Representatives from several of Northern Virginia’s business organizations and task forces – ranging from local chambers of commerce to the Washington Airports Task Force and the Associated Builders and Contractors Virginia Chapter – released a joint letter July 23 decrying Phase II of the Dulles Corridor Metrorail project because of its exorbitant costs, among other things. The total cost of the project is estimated to be around $3.5 billion.

Kurt Krause of the Northern Virginia Transportation Alliance

The representatives called for the Metropolitan Washington Airports Authority’s Board of Directors to make significant cost reductions in Phase II of the project that includes the Silver line extension that will terminate in Ashburn. MWAA’s Board of Directors is holding its own meetings concerning Phase II of the project this week.

At a press conference in front of the soon-to-be constructed Wiehle Avenue Metro station in Reston on Thursday, Kurt Krause of the Northern Virginia Transportation Alliance spoke on behalf of a group of nearly 20 businessmen and women who co-signed the letter to MWAA.

Ninety percent of the Metrorail construction will be funded by real estate taxes, business license taxes and tolls, Krause said.

“Our collective stake in completing Phase II could not be greater,” he said.

Loudoun County Chamber of Commerce President Tony Howard, Fairfax County Chamber of Commerce President Jim Corcoran, Dulles Regional Chamber of Commerce President Eileen Curtis and Greater Reston Chamber of Commerce President Mark Ingrao detailed five areas they believe MWAA could make cost reductions resulting in nearly $1 billion in savings.

The first is a call for MWAA to eliminate its requirement that the primary contractor for the project implement a mandatory Project Labor Agreement on Phase II. The enforcement of a PLA would discourage bidding on the project, thereby potentially increasing the overall cost 12 to 15 percent, according to Howard.

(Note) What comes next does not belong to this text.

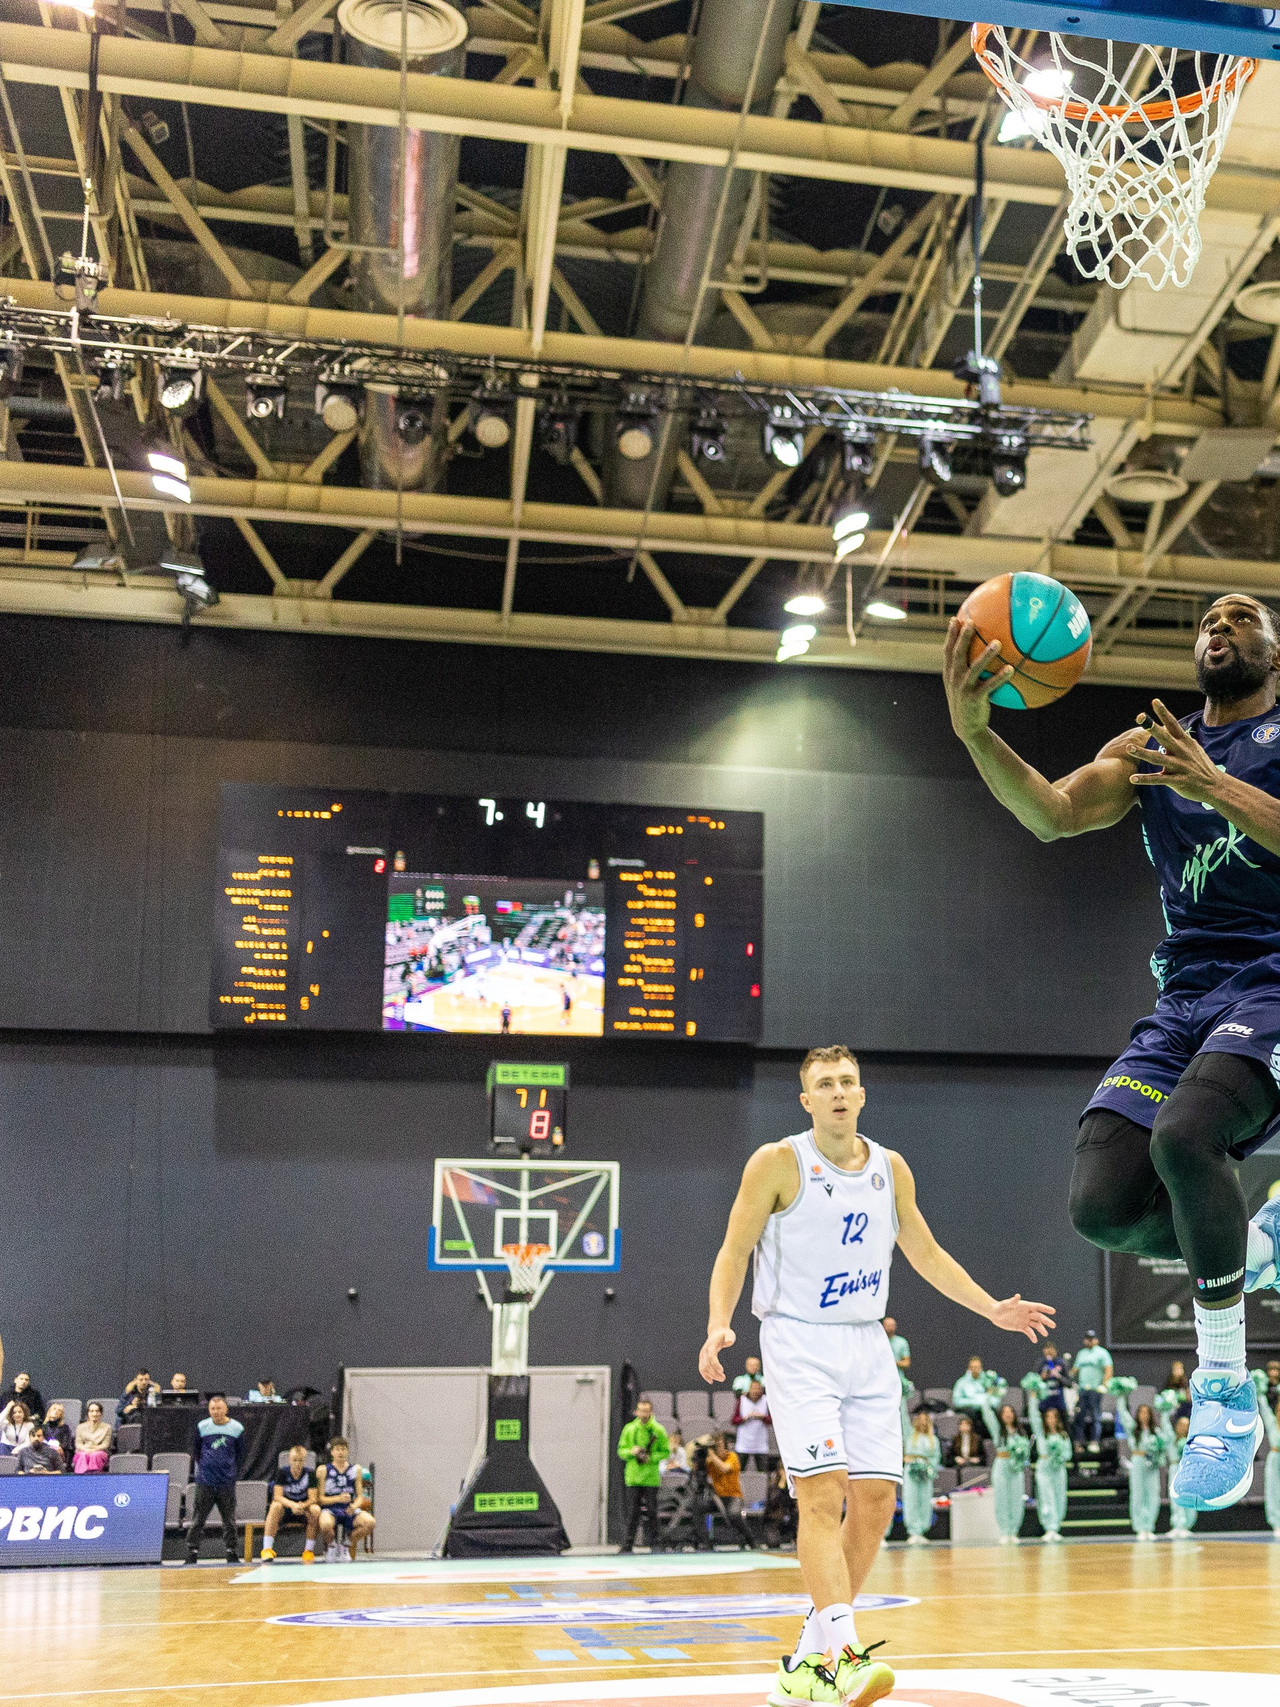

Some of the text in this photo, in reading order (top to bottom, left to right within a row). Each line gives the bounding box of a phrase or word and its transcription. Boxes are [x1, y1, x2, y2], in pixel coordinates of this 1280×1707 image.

[529, 1109, 551, 1139] 8
[841, 1212, 869, 1245] 12
[819, 1268, 883, 1309] Enisey

“It will prevent a significant number of Virginia’s construction workforce, of which 96 percent is non-union, from working on this project,” he said. “Since this project is being overwhelmingly funded by Virginia’s taxpayers and businesses, that would be an outrage.”

Curtis spoke against MWAA’s recent decision to build an underground instead of the originial above-ground Metro station at Dulles International Airport, which increased the project’s overall cost by $300 million.

“The decision to construct an underground station is not only more expensive … it will reduce the Authority’s capacity to support the funding and construction of its tier-2 midfield terminal, which is essential to Dulles Airport’s growth as an international gateway and our region’s link to world markets,” she said.

The group also requested MWAA reduce the scope of its rail yard at Dulles Airport and seek ways to finance it separately or in conjunction with the Washington Metropolitan Area Transit Authority, which could save between $50-$100 million. The business leaders also would like to see Fairfax and Loudoun counties assume responsibility for funding and construction of the parking structures, which is similar to the public-private partnership at the Wiehle Avenue station. Lastly, the group asks that the Authority seek additional financial aide from Virginia and the Federal Government.

“By allowing Fairfax and Loudoun County to engage in public-private partnerships to construct the parking garages, altering the configuration of the Dulles Airport rail yard … the project costs for Phase II can be reduced by hundreds of millions of dollars,” Corcoran said.

The co-signers of the letter to MWAA have yet to receive a response from the Authority.